The roads were quiet and the travelling leisurely till we passed Warwick and started the descent on the eastern side of the divide, where the traffic increased and the tone of it changed. Other drivers were more aggressive and less communicative and responsive to gesture and signal as it was apparent we were approaching a city. Into Brisbane along a large freeway we went, unsure where to exit to find the most expedient route to the Sunshine Coast which we had decided was our destination for that night.
Dark grey clouds massed mid afternoon as we inadvertently ended up in some hilly part of Brisbane searching for the main highway north. With perfect adverse timing the heavens opened and a gale blew up to a violent storm that proved to be the first of nine in the days to follow. These storms seemed to follow us but in fact they were localized yet widespread throughout SE Qld and north east NSW, and the pattern was for lovely calm sunny mornings which preceded a build up of heavy cloud after lunch culminating in an electrical show with booming thunder and torrential downpour late in the afternoon. Visibility was minimal as we eventually found the main road north. We turned off at Caboolture and nearly had our head on accident soon after as heavy impatient oncoming traffic returned to Brisbane after the weekend.
Badly shaken we continued, thinking Maroochydore would be a suitable overnight stop. We passed a few caravan parks and motels without stopping much to our regret later as Maroochydore was all built up high rise apartments and shopping precincts with no obvious place for late arrival overnighters to find accommodation. We eventually found a caravan park with a palatial restaurant at the front but it had no vacancy. It was now dark, we were tired and exasperated but had no choice but to drive about looking for a motel. We did find one at Mudjimba fortunately. The owner/manager was a most hospitable man who said our predicament was not uncommon in his experience. He was the only old fashioned motel around, most of the other motels had been razed and new high rises built necessarily to increase turnover to pay huge council rates. He suggested on hearing we were looking for a possible retirement place that we try the the Mary River Valley or Gympie where development had not yet reached and to buy in would be more affordable.
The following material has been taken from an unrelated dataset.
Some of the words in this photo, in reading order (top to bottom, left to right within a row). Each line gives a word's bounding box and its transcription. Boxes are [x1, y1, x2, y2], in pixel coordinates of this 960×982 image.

Lib, a great improviser with food, prepared a top meal with the microwave and our camping stocks as we watched the late news on TV showing the storm damage wreaked on Brisbane that day. It was washed down with good wine and we slept well until the noise of aeroplanes woke us early, an airport being nearby.
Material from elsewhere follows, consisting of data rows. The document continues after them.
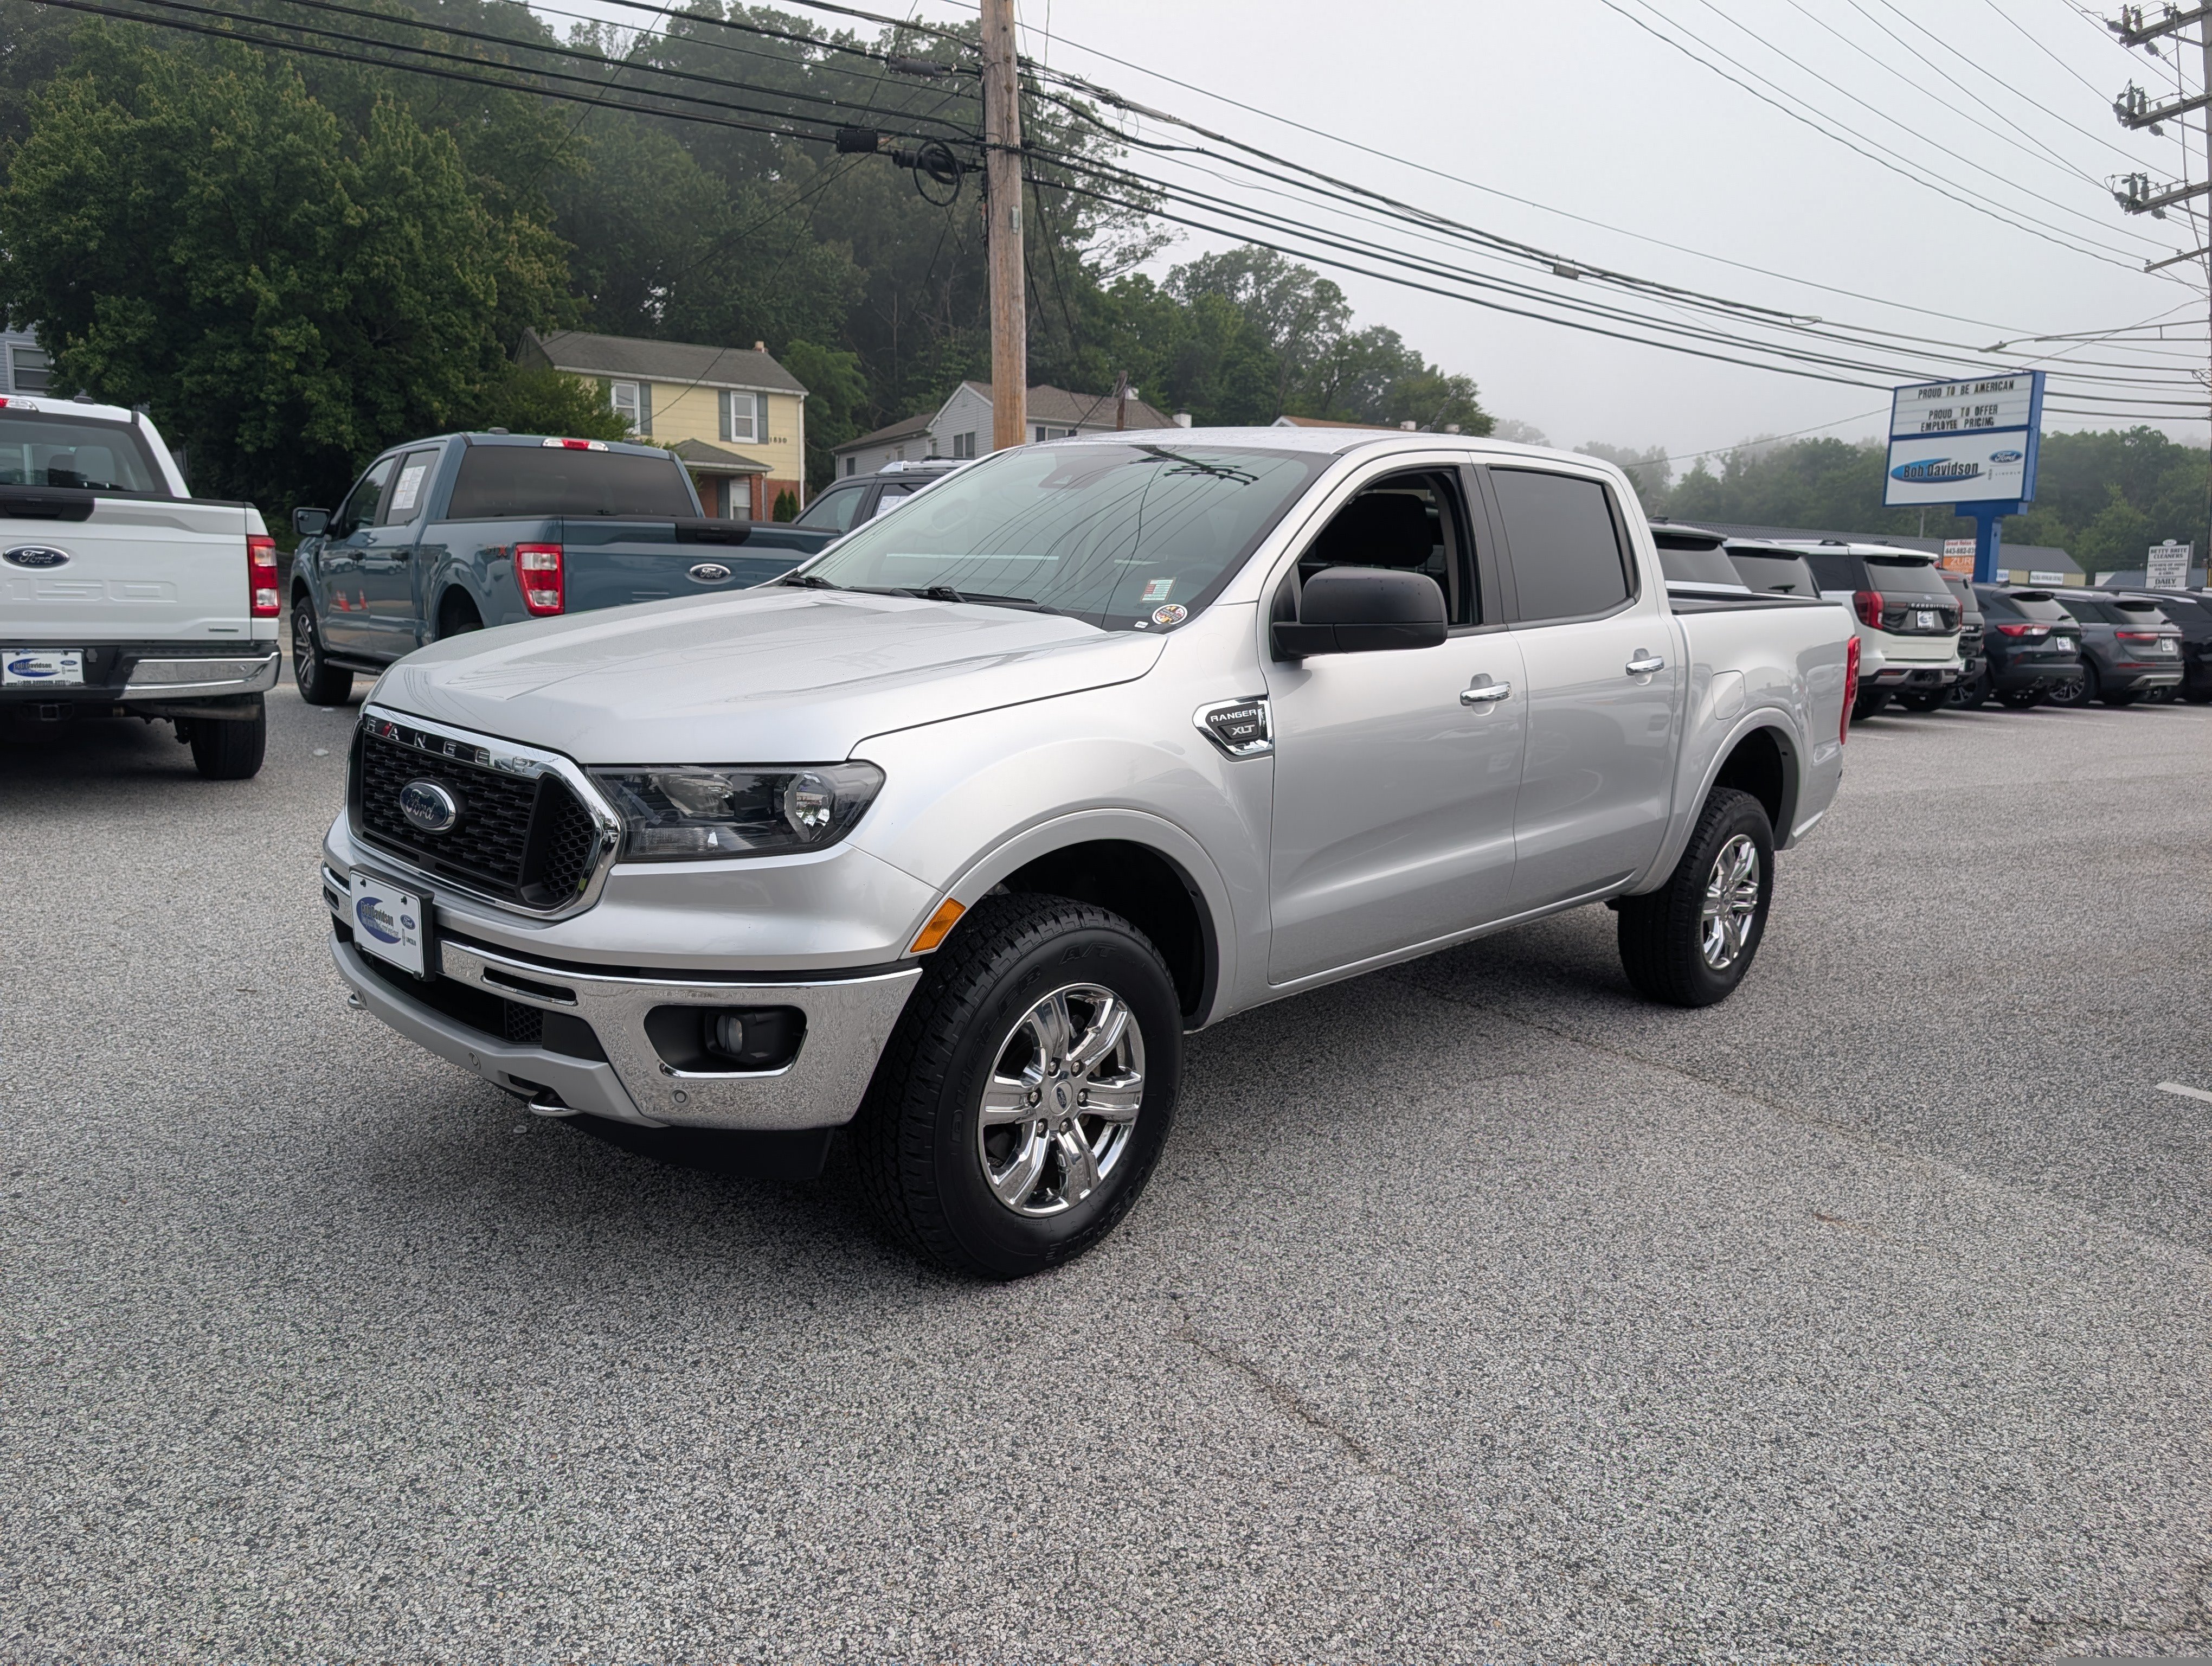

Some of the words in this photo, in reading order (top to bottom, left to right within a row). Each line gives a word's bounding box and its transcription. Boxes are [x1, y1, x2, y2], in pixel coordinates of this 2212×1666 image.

[1918, 388, 1941, 399] PROUD
[1947, 386, 1956, 396] TO
[1960, 384, 1970, 395] BE
[1974, 380, 2014, 394] AMERICAN
[1929, 409, 1952, 420] PROUD
[1961, 407, 1970, 417] TO
[1975, 404, 1998, 416] OFFER
[1920, 419, 1957, 432] EMPLOYEE
[1964, 416, 1994, 428] PRICING
[1995, 452, 2017, 462] Ford
[1904, 465, 1924, 478] Bob
[1927, 462, 1979, 476] Davidson
[19, 549, 55, 563] Ford
[700, 568, 722, 578] Ford
[1211, 709, 1256, 722] RANGER
[1232, 724, 1255, 735] XLT
[366, 717, 532, 775] RANGER
[406, 789, 436, 821] Ford
[361, 902, 371, 917] Bob
[372, 906, 394, 926] Davidson
[403, 915, 414, 927] Ford
[1058, 1090, 1066, 1105] Ford
Maroochydore is much changed from the the seaside village described to me by Louise Bullen, a girl I went out with a couple of times more than forty years ago, who wrote to me from the camping ground after finishing her last year at Corowa CEGS and travelling there on her own to live in a one man tent for awhile and "find herself". I do wonder what became of Louise. I hope she has had a good life and is in good health.